Within the lines below, find those that hold the string "LONESTAR" and copy each one.

====

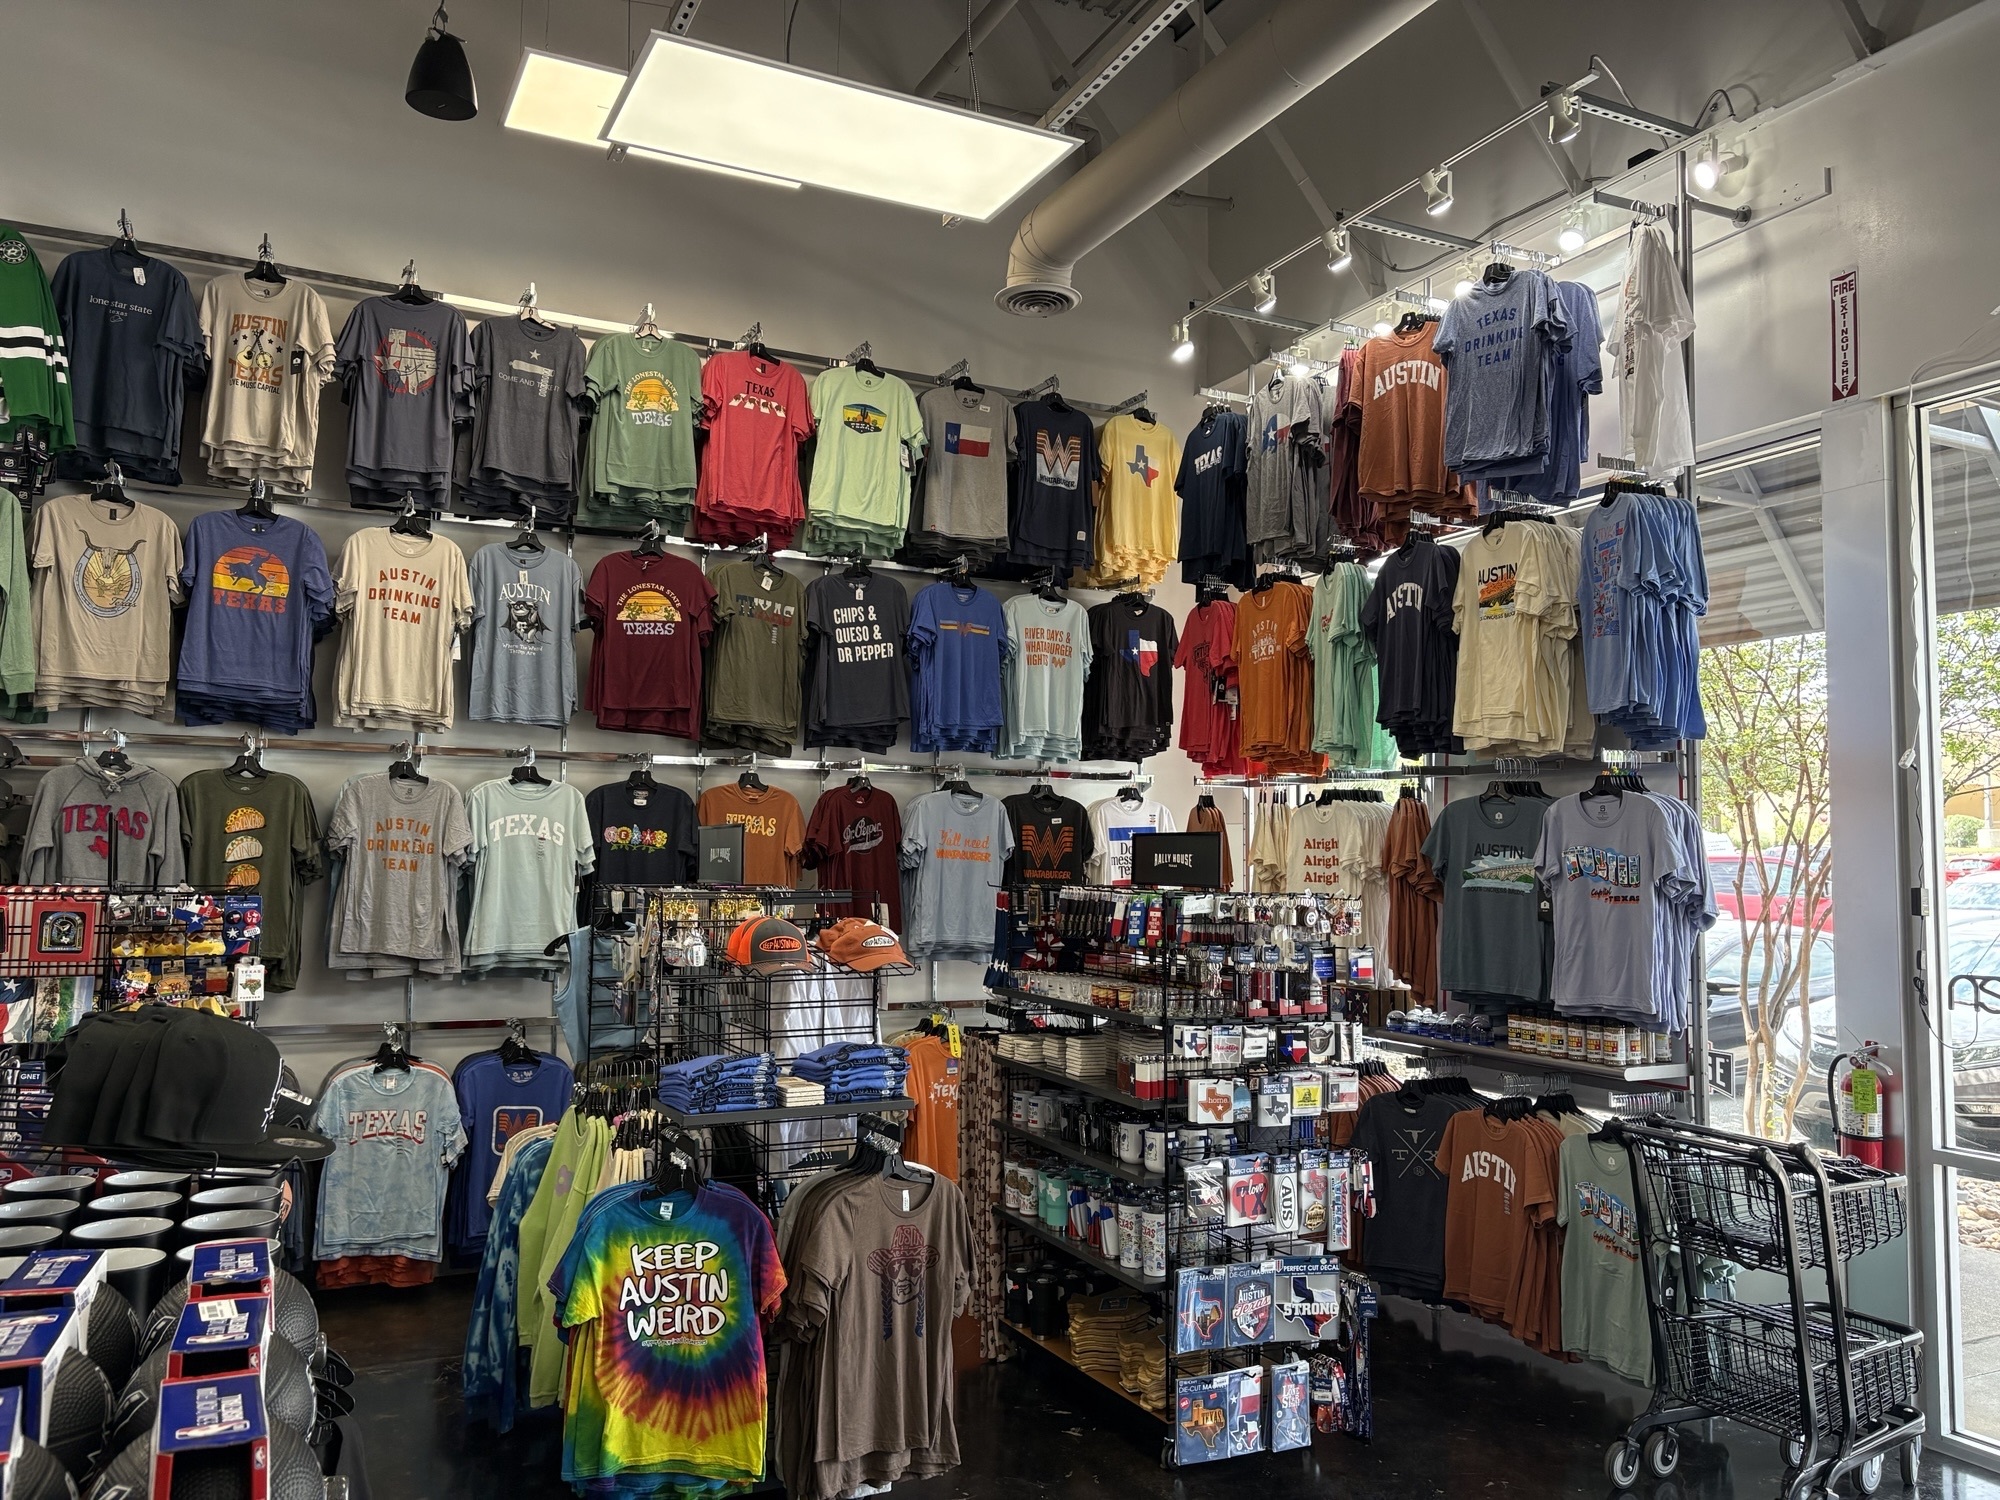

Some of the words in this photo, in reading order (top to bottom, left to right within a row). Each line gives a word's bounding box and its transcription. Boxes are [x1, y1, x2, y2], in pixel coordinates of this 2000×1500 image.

[1832, 279, 1855, 297] FIRE
[89, 294, 109, 306] lone
[110, 300, 127, 310] star
[129, 303, 153, 315] state
[108, 309, 128, 317] texas
[1476, 307, 1518, 330] TEXAS
[230, 313, 288, 343] AUSTIN
[1840, 296, 1849, 392] EXTINGUISHER
[1477, 348, 1511, 368] TEAM
[228, 357, 285, 386] TEXAS
[498, 372, 519, 383] COME
[519, 378, 535, 387] AND
[1373, 359, 1441, 401] AUSTIN
[240, 380, 257, 389] MUSIC
[257, 382, 280, 394] CAPITAL
[624, 382, 633, 395] THE
[632, 371, 664, 383] LONESTAR
[664, 379, 679, 397] STATE
[745, 380, 775, 398] TEXAS
[632, 411, 673, 427] TEXAS
[1194, 445, 1222, 475] TEXAS
[379, 568, 437, 592] AUSTIN
[1478, 562, 1518, 586] AUSTIN
[108, 597, 137, 609] Texas
[212, 589, 287, 614] TEXAS
[368, 587, 441, 610] DRINKING
[499, 583, 551, 606] AUSTIN
[616, 593, 628, 606] THE
[627, 583, 665, 594] LONESTAR
[665, 589, 681, 608] STATE
[382, 606, 422, 625] TEAM
[833, 608, 865, 624] CHIPS
[868, 605, 877, 621] &
[623, 622, 675, 635] TEXAS
[835, 626, 870, 644] QUESO
[873, 624, 882, 639] &
[1024, 627, 1045, 640] RIVER
[1046, 629, 1064, 643] DAYS
[1066, 631, 1071, 644] &
[837, 646, 853, 663] DR
[855, 642, 894, 662] PEPPER
[1025, 640, 1073, 658] WHATABURGER
[62, 803, 149, 840] TEXAS
[376, 817, 431, 837] AUSTIN
[488, 813, 566, 846] TEXAS
[725, 812, 777, 837] TEXAS
[609, 829, 663, 844] TEXAS
[963, 834, 990, 849] need
[1304, 838, 1339, 852] Alrigh
[367, 838, 435, 856] DRINKING
[936, 848, 992, 862] WHATABURGER
[1474, 843, 1524, 860] AUSTIN
[1154, 853, 1172, 867] RALLY
[1172, 853, 1193, 868] HOUSE
[1304, 855, 1339, 869] Alrigh
[1564, 845, 1641, 888] AUSTIN
[1023, 869, 1072, 880] WHATABURGER
[1304, 871, 1339, 885] Alrigh
[1213, 1044, 1240, 1053] Austin
[1208, 1096, 1229, 1104] home
[350, 1110, 427, 1145] TEXAS
[1248, 1178, 1265, 1196] love
[1281, 1185, 1293, 1221] AUS
[893, 1226, 924, 1247] AUSTIN
[631, 1241, 719, 1276] KEEP
[1320, 1263, 1339, 1271] DECAL
[1199, 1273, 1225, 1282] MAGNET
[1229, 1270, 1250, 1278] DIE-CUT
[620, 1268, 729, 1311] AUSTIN
[1238, 1289, 1266, 1303] AUSTIN
[1236, 1298, 1270, 1317] Texas
[1283, 1302, 1340, 1316] STRONG
[627, 1303, 726, 1342] WEIRD
[1179, 1385, 1201, 1394] DIE-CUT
[1282, 1396, 1300, 1409] STAR
[1202, 1411, 1223, 1425] TEXAS
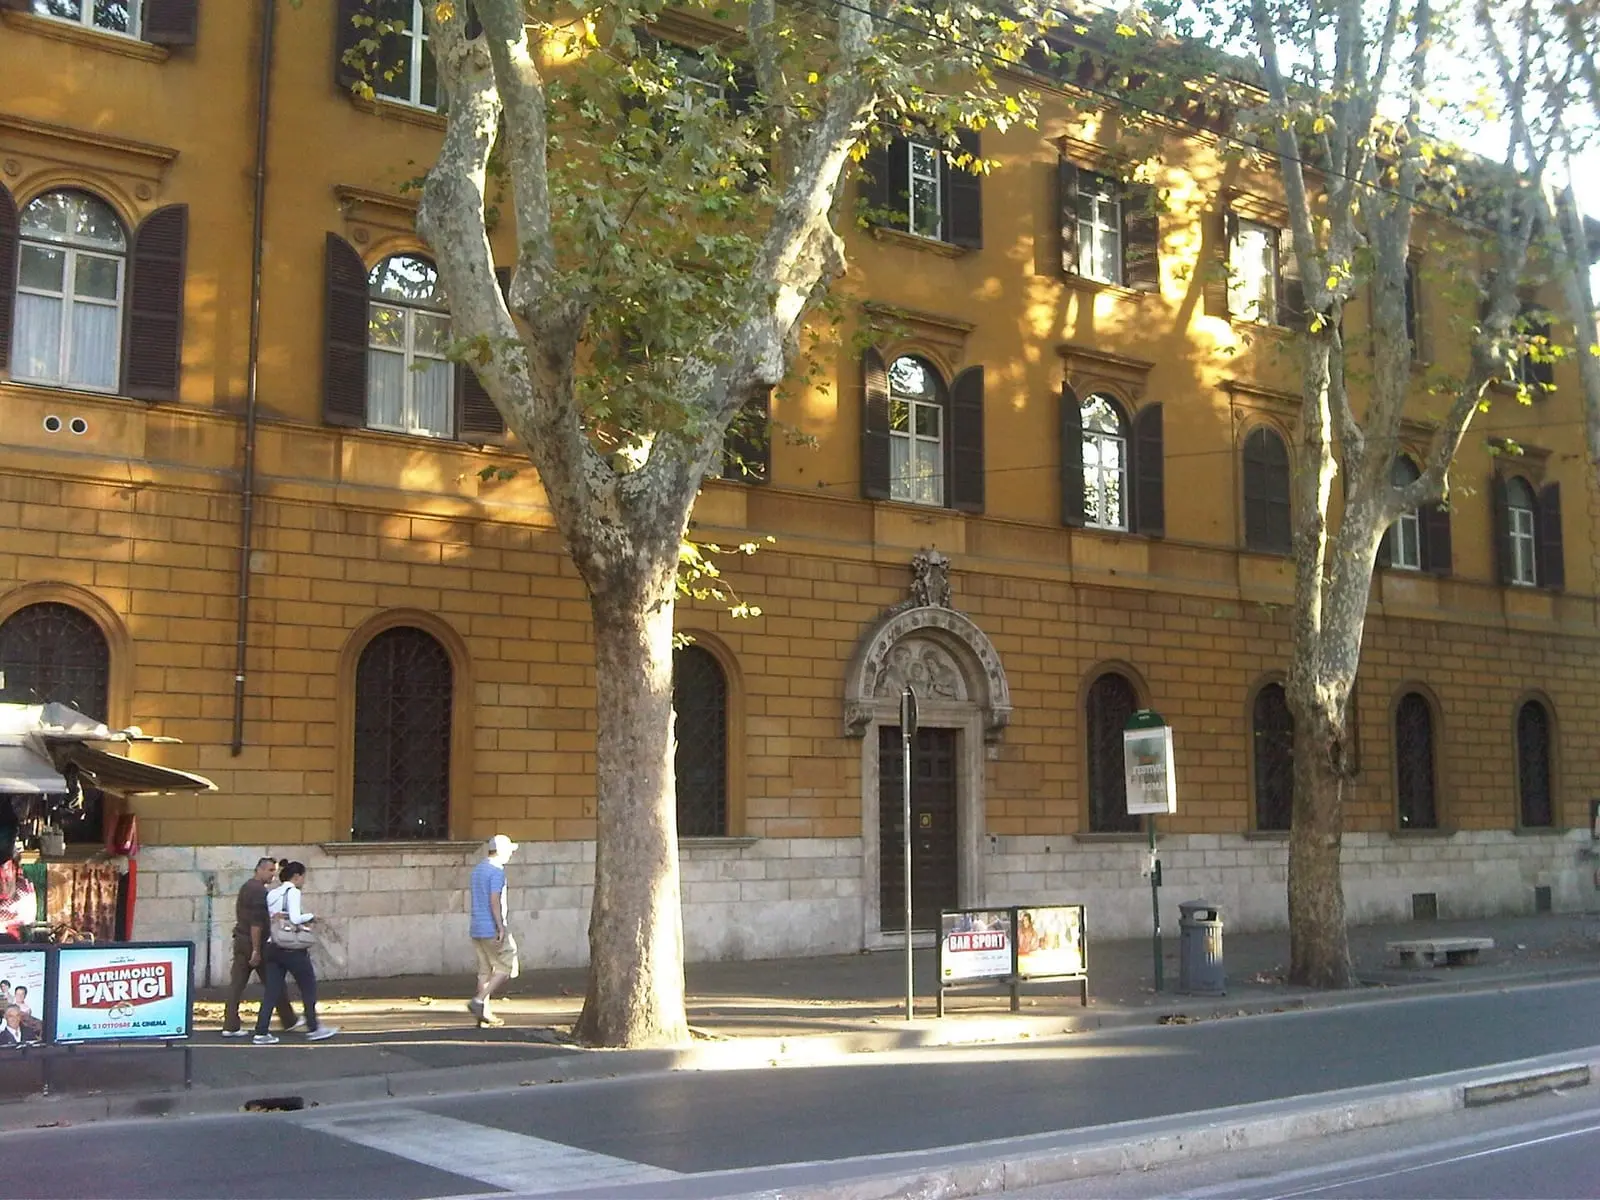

====

■ Task result ■
[632, 371, 664, 383] LONESTAR
[627, 583, 665, 594] LONESTAR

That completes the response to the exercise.